*** Records provided ***

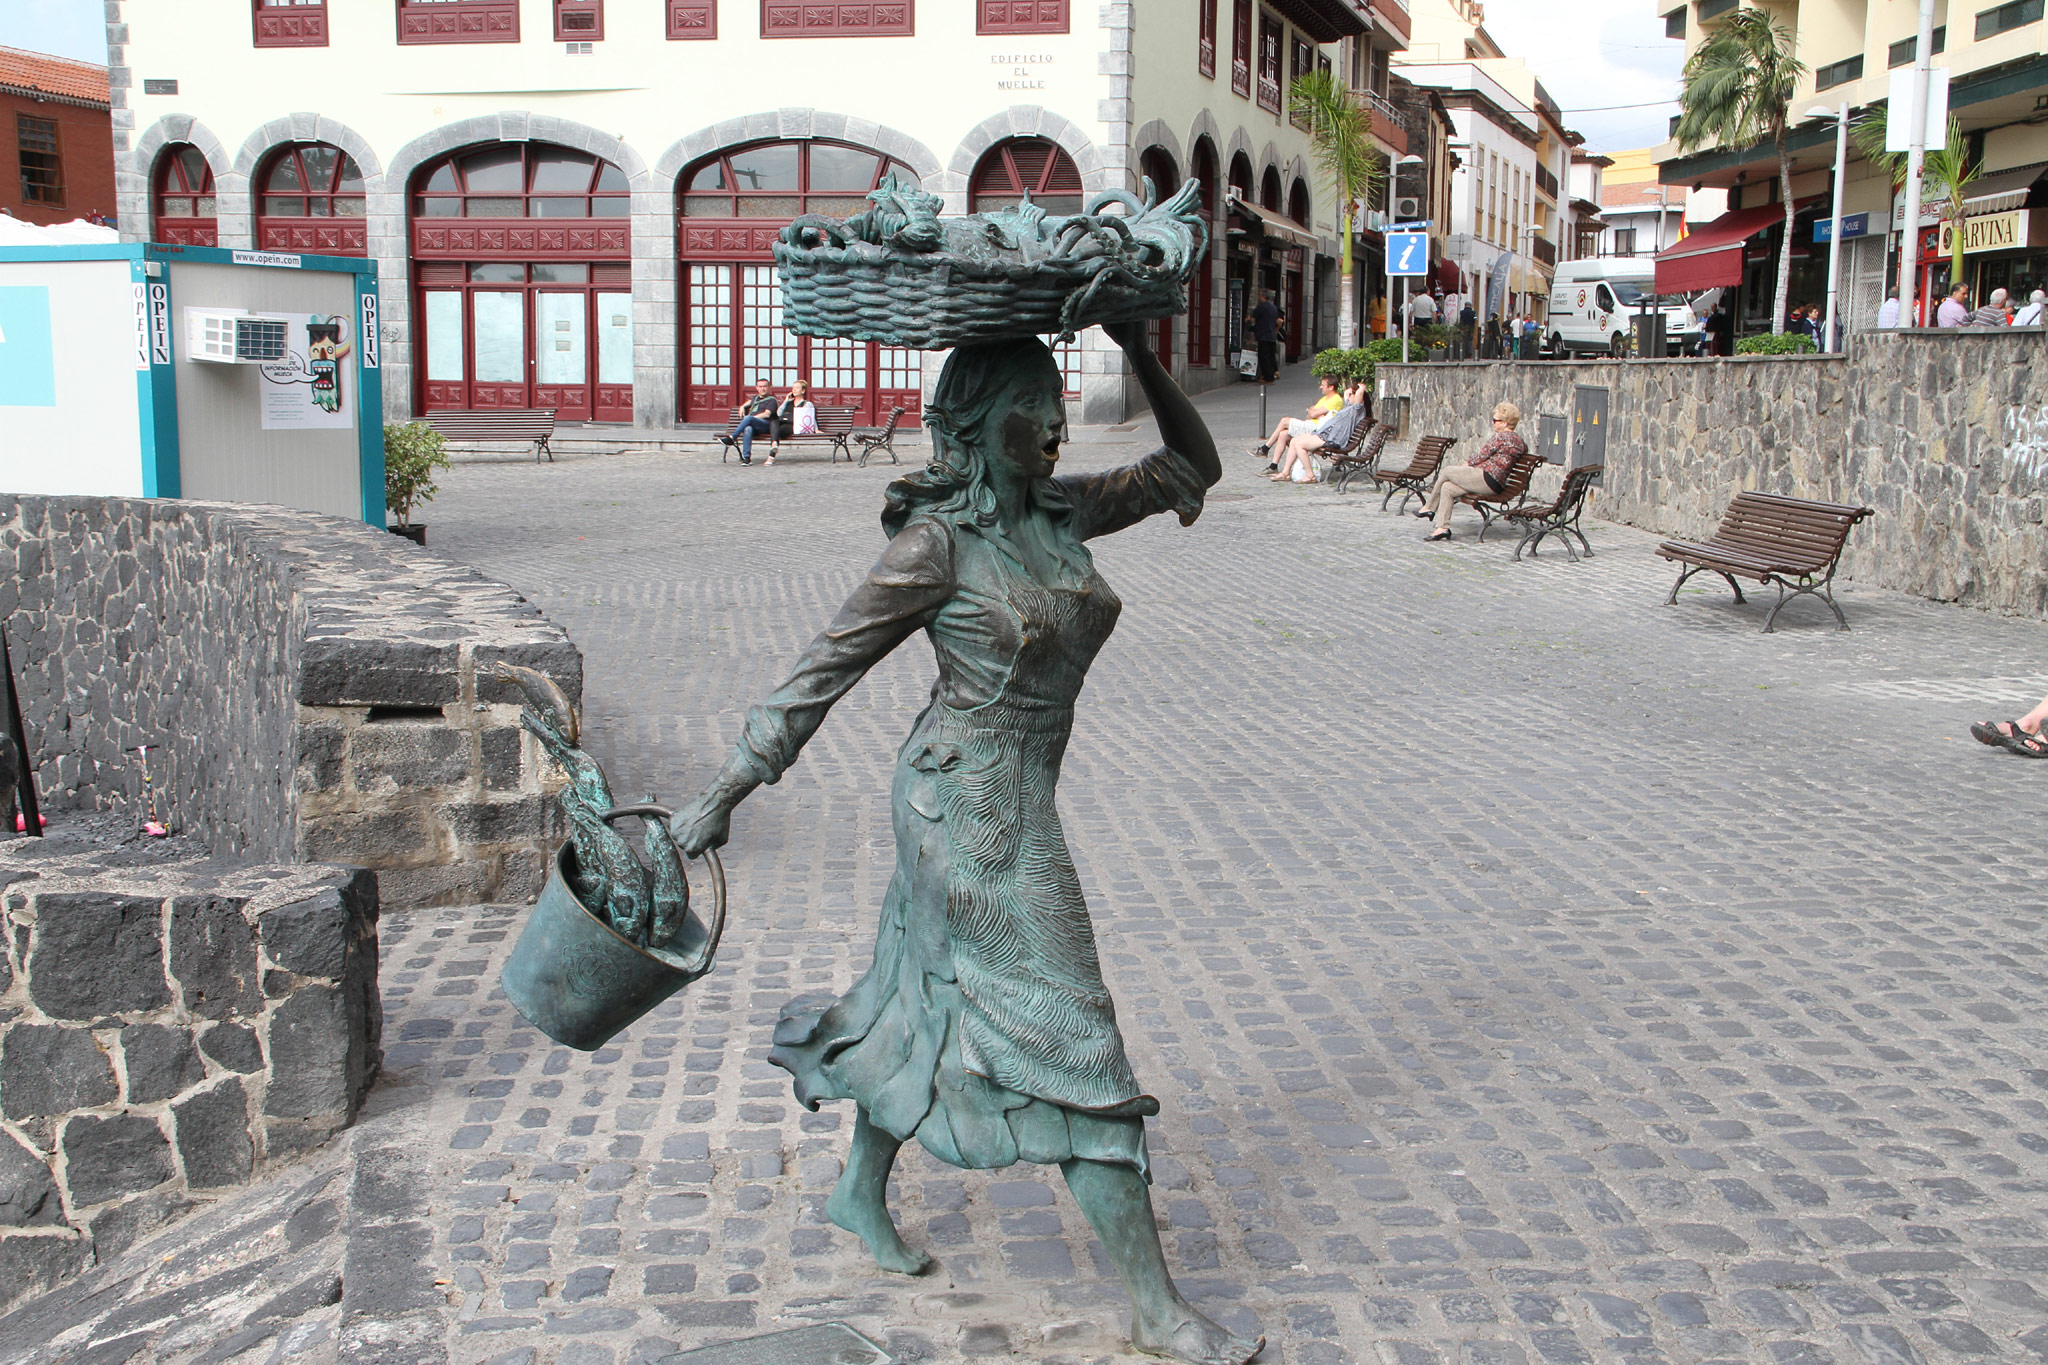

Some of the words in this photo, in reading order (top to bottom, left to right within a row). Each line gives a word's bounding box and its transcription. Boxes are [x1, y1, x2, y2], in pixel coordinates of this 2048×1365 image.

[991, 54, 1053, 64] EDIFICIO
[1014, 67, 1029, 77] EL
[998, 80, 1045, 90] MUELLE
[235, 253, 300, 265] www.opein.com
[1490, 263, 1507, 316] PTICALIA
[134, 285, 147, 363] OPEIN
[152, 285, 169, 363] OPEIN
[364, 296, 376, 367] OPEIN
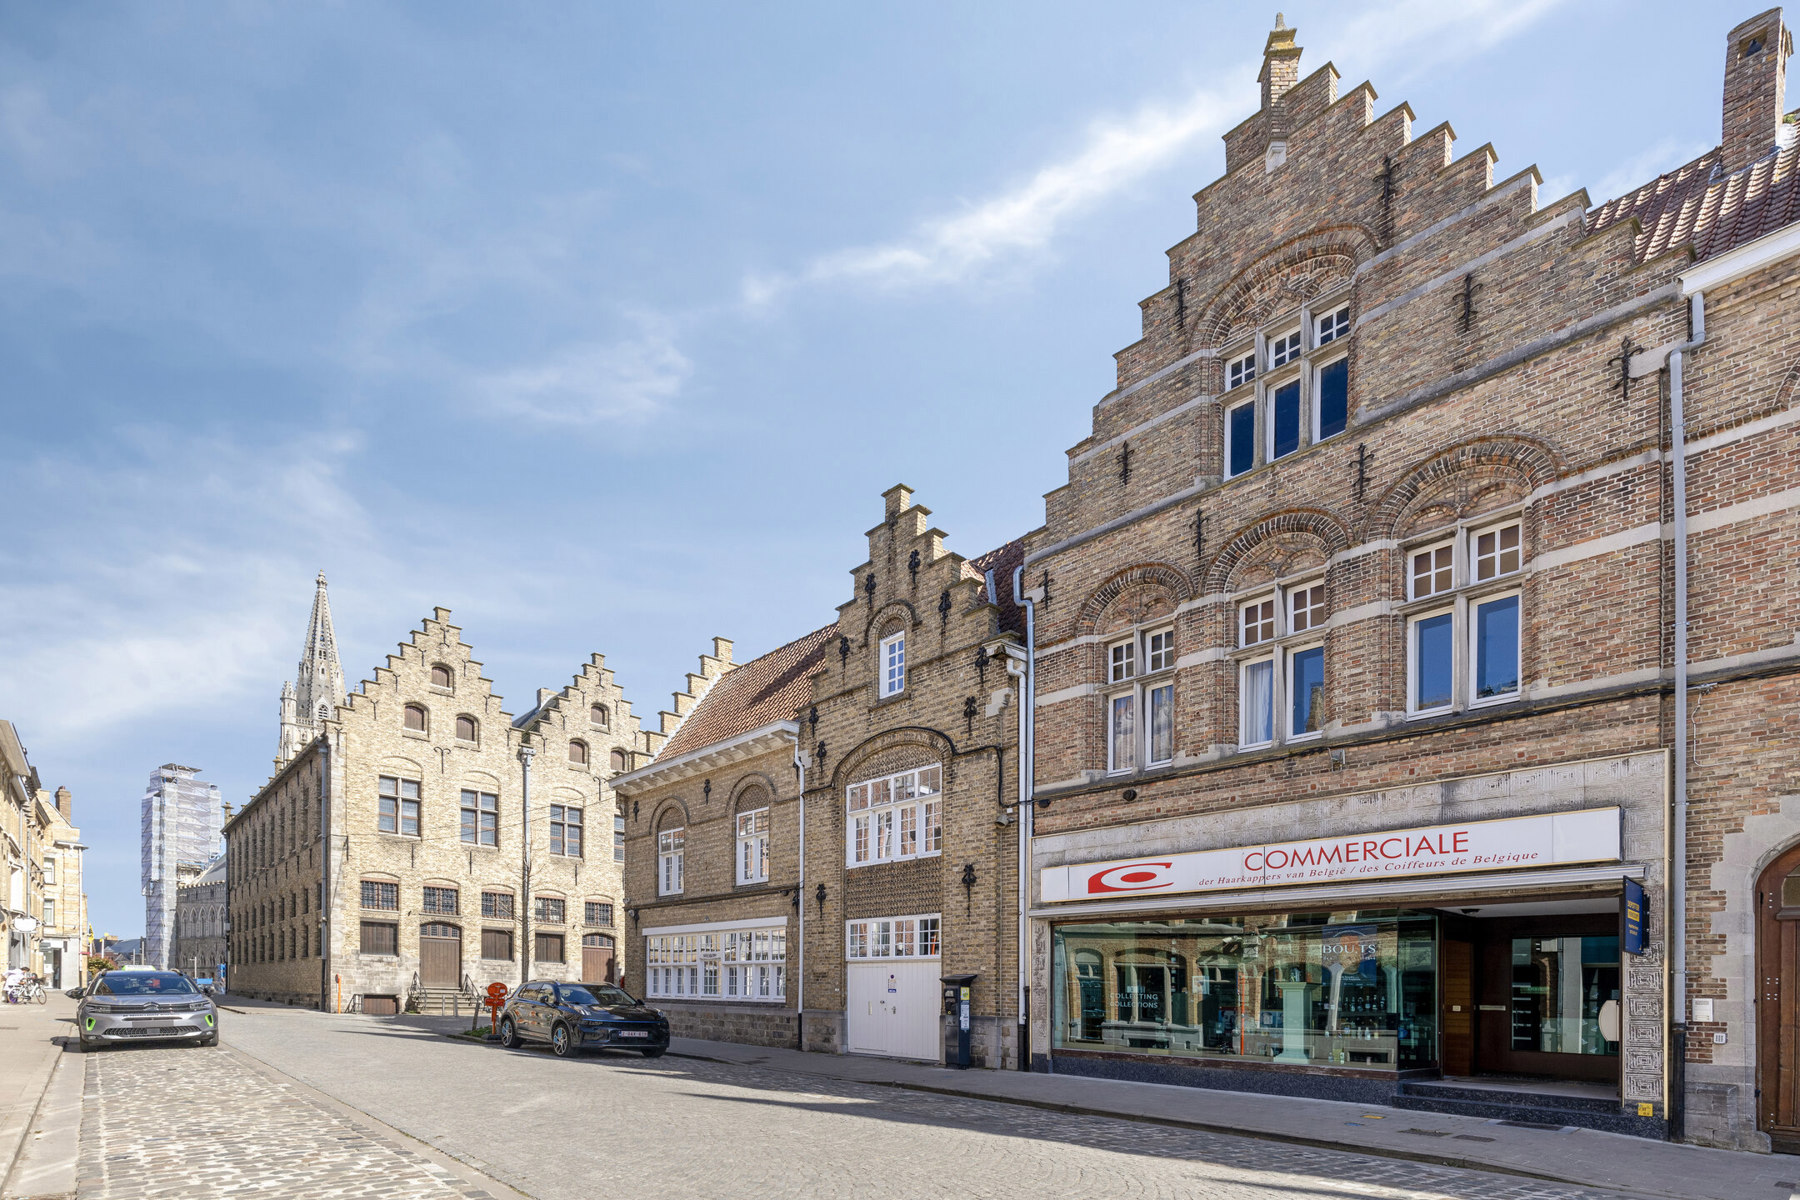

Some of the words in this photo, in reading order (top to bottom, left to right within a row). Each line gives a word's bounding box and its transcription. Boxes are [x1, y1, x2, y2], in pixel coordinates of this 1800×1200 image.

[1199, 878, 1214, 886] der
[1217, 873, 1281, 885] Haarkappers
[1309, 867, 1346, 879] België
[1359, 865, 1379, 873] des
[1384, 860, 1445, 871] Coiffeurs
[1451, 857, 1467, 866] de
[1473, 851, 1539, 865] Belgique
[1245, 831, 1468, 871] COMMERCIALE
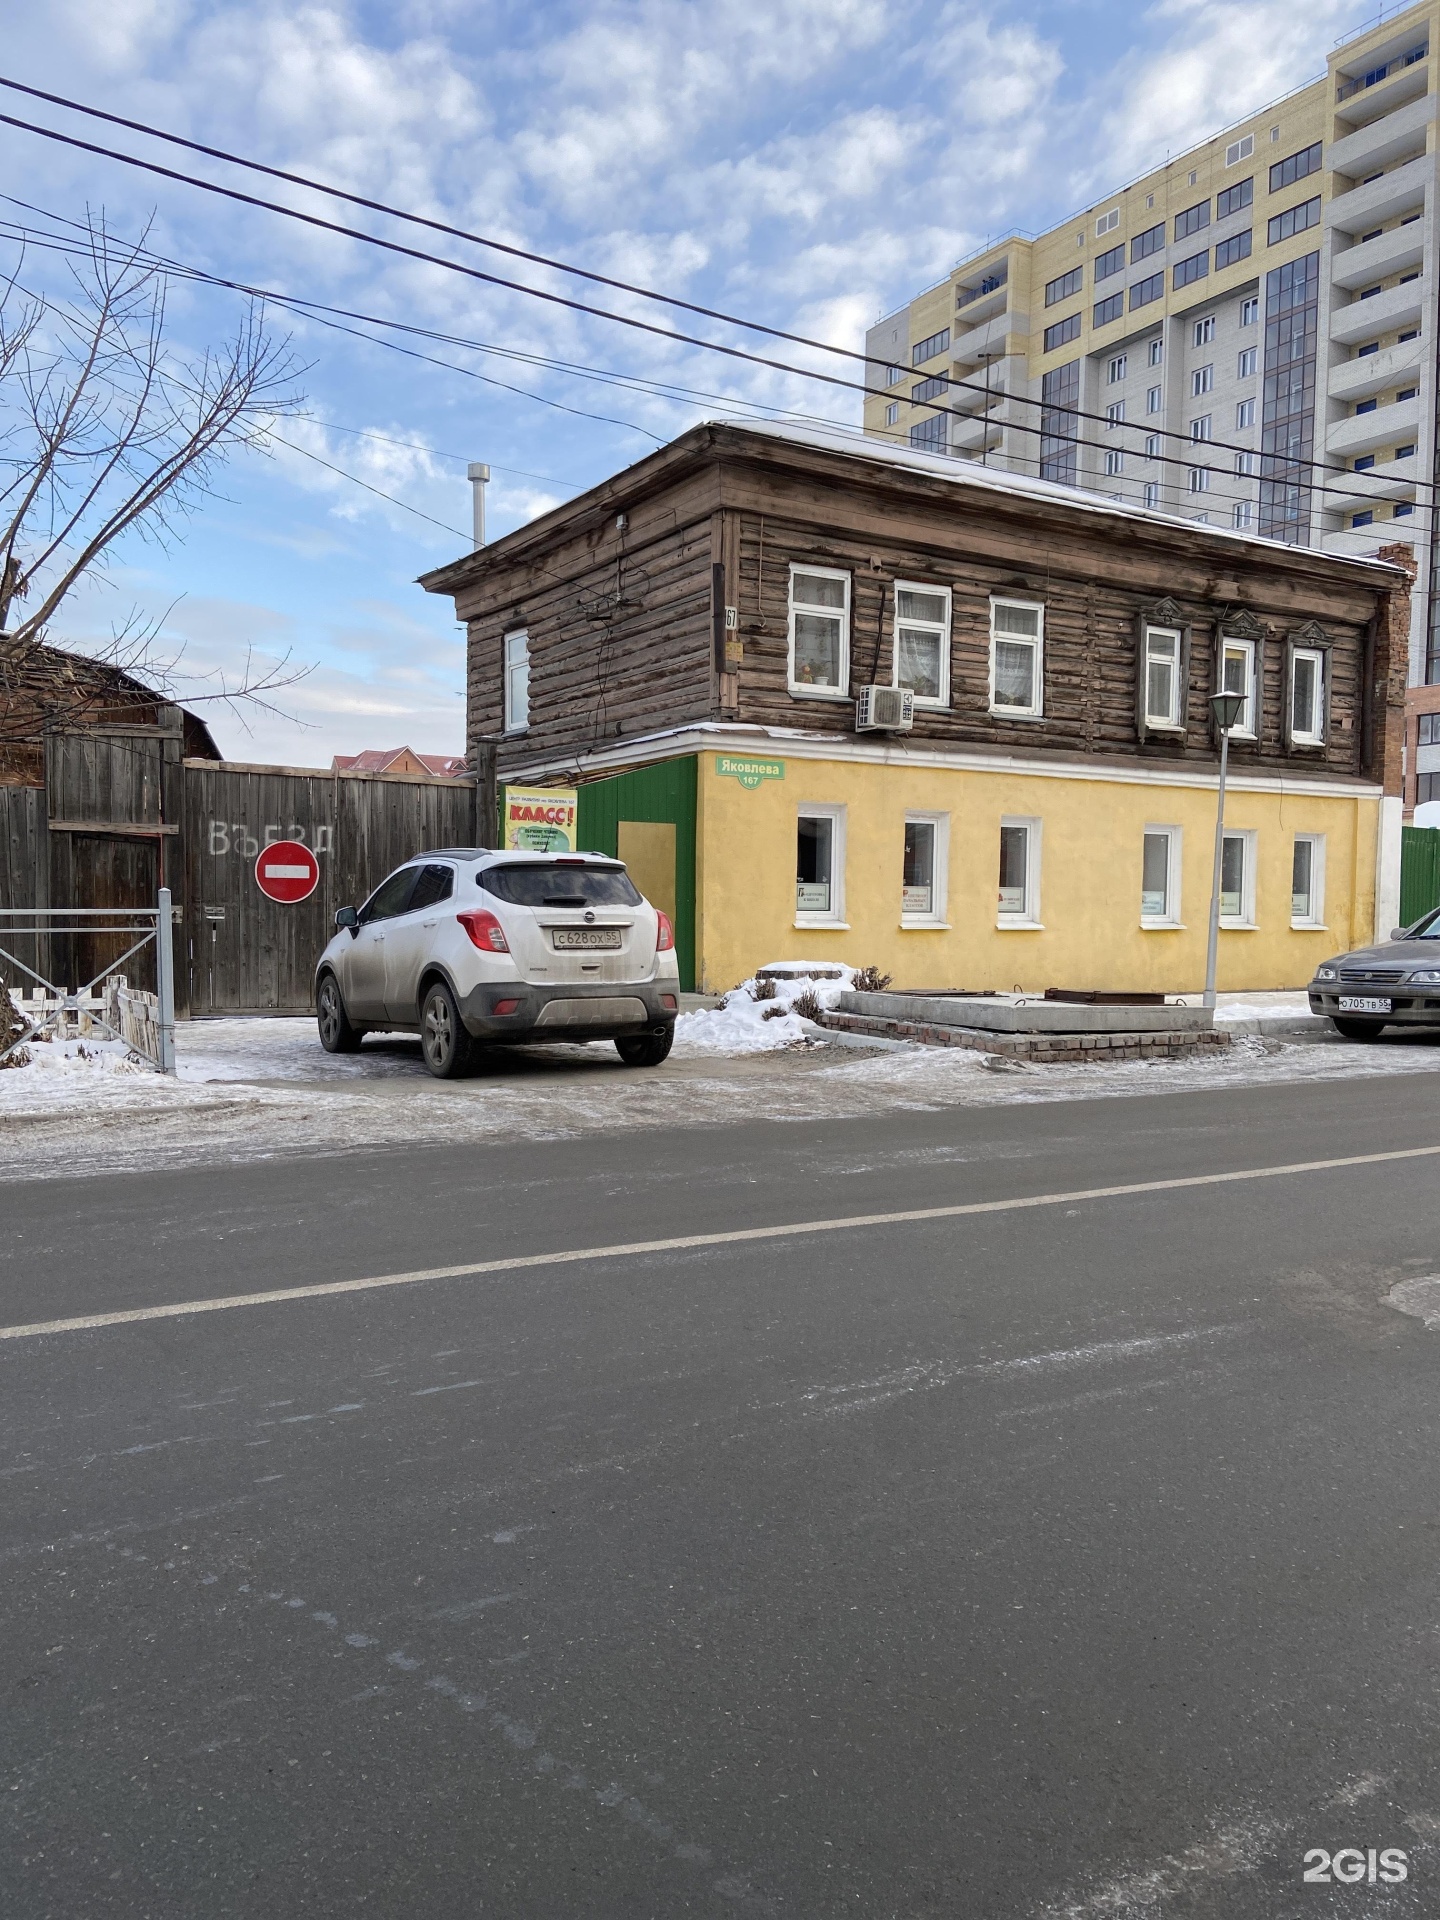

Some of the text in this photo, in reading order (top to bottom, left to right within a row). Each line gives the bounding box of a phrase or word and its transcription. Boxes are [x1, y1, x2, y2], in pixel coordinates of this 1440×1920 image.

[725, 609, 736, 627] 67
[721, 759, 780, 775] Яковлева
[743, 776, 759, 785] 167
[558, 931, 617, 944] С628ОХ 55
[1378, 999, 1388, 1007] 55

*** End of Records provided ***

Exercise prompt:
When you copy the entries, keep every word exactly as it stands and drop any pictures.

Response area:
Some of the words in this photo, in reading order (top to bottom, left to right within a row). Each line gives a word's bounding box and its transcription. Boxes are [x1, y1, x2, y2], in pixel coordinates of this 2048×1365 image.

[991, 54, 1053, 64] EDIFICIO
[1014, 67, 1029, 77] EL
[998, 80, 1045, 90] MUELLE
[235, 253, 300, 265] www.opein.com
[1490, 263, 1507, 316] PTICALIA
[134, 285, 147, 363] OPEIN
[152, 285, 169, 363] OPEIN
[364, 296, 376, 367] OPEIN

Some of the words in this photo, in reading order (top to bottom, left to right within a row). Each line gives a word's bounding box and its transcription. Boxes are [x1, y1, x2, y2], in pixel coordinates of this 1800×1200 image.

[1199, 878, 1214, 886] der
[1217, 873, 1281, 885] Haarkappers
[1309, 867, 1346, 879] België
[1359, 865, 1379, 873] des
[1384, 860, 1445, 871] Coiffeurs
[1451, 857, 1467, 866] de
[1473, 851, 1539, 865] Belgique
[1245, 831, 1468, 871] COMMERCIALE

Some of the text in this photo, in reading order (top to bottom, left to right within a row). Each line gives the bounding box of a phrase or word and its transcription. Boxes are [x1, y1, x2, y2], in pixel coordinates of this 1440×1920 image.

[725, 609, 736, 627] 67
[721, 759, 780, 775] Яковлева
[743, 776, 759, 785] 167
[558, 931, 617, 944] С628ОХ 55
[1378, 999, 1388, 1007] 55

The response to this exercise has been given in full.